Activists from far-right parties such as the Irish National Party and Irish Freedom Party have been travelling to and addressing rallies up and down the country, capitalising on people’s frustrations and stoking their fears.
The Irish, of all people in Europe, know what it’s like to make long journeys in search of better lives and to be confronted by racism and discrimination when they get to the other side.
The same two right wing parties, Fine Gael and Fianna Fáil, have been in power in this state since its foundation and inequality, and the crises in health care and housing, are direct consequences of their policies for decades.
It’s not the asylum-seeker child, looking out in tears as people chant “Out! Out! Out!” in Ballymun, who has caused the chronic overcrowding in our hospitals.

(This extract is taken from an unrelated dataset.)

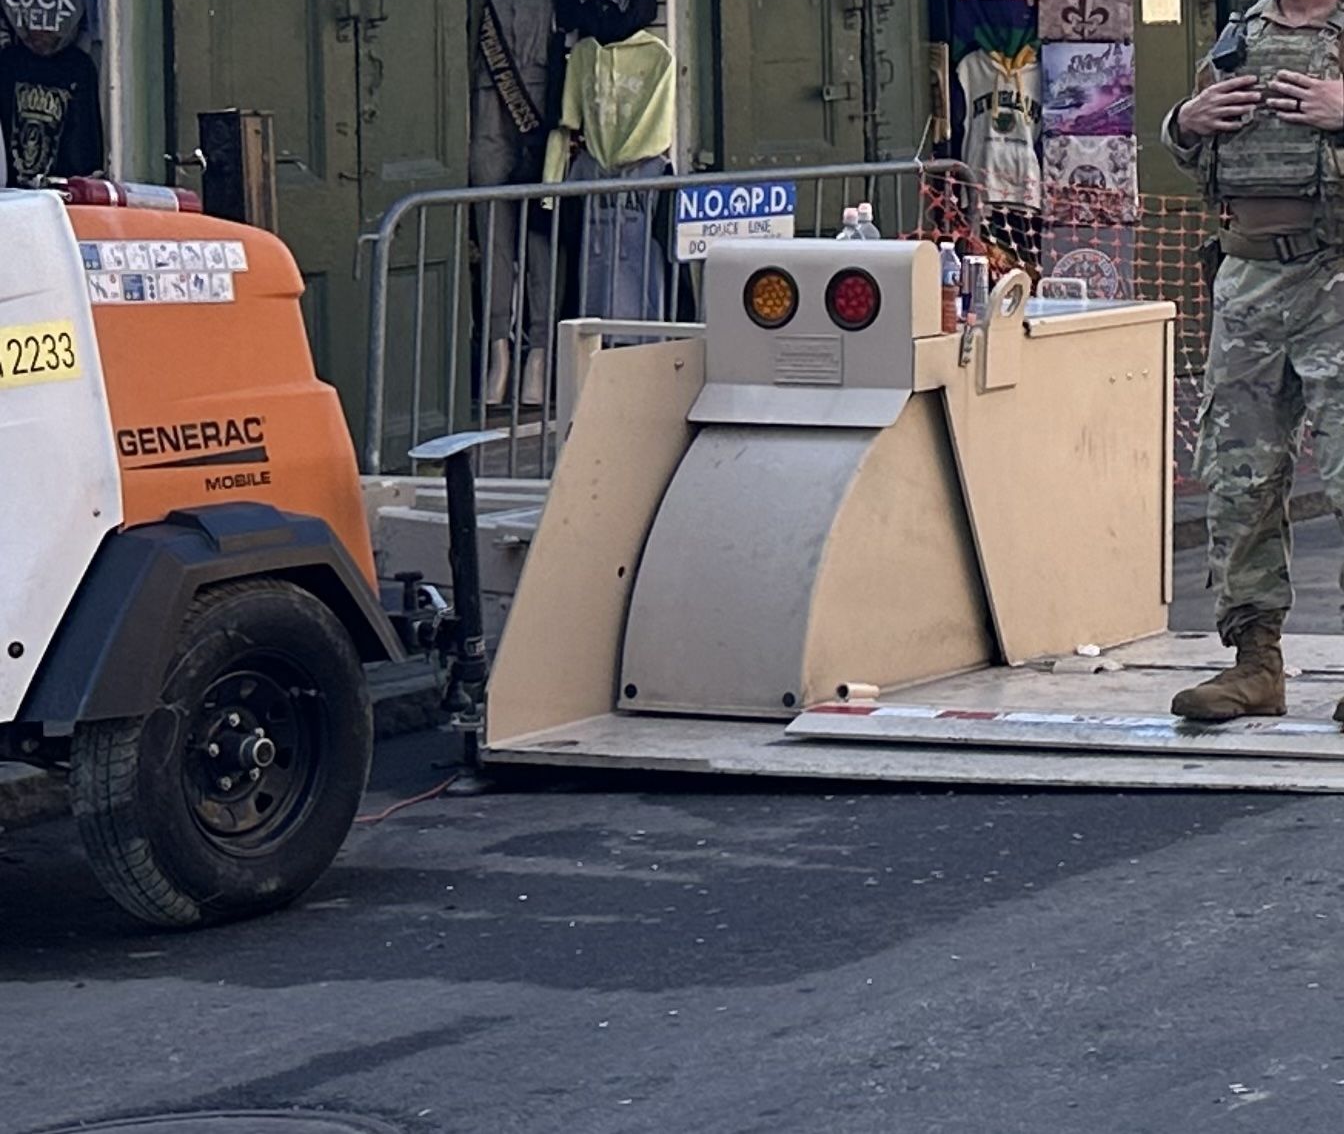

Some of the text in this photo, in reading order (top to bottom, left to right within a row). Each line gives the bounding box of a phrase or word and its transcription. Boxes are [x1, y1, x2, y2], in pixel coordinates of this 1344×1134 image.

[689, 241, 707, 254] DO
[117, 417, 265, 456] GENERAC
[205, 471, 272, 491] MOBILE

It’s not the asylum-seeker child staying in a Travelodge Hotel who has priced so many people out of finding a decent place to live at a decent price … or ever being able to afford a home.
And, as I discovered when I interviewed ‘Shola’ six years ago, it’s too easy to judge people — or to get angry at them — when you know nothing about their lives.
People have a right to protest, and to be angry, but perhaps it’s time to look up at those who caused this sorry mess instead of playing into the hands of far-right elements who never campaigned for decent housing or health care for Irish people at any point in their lives.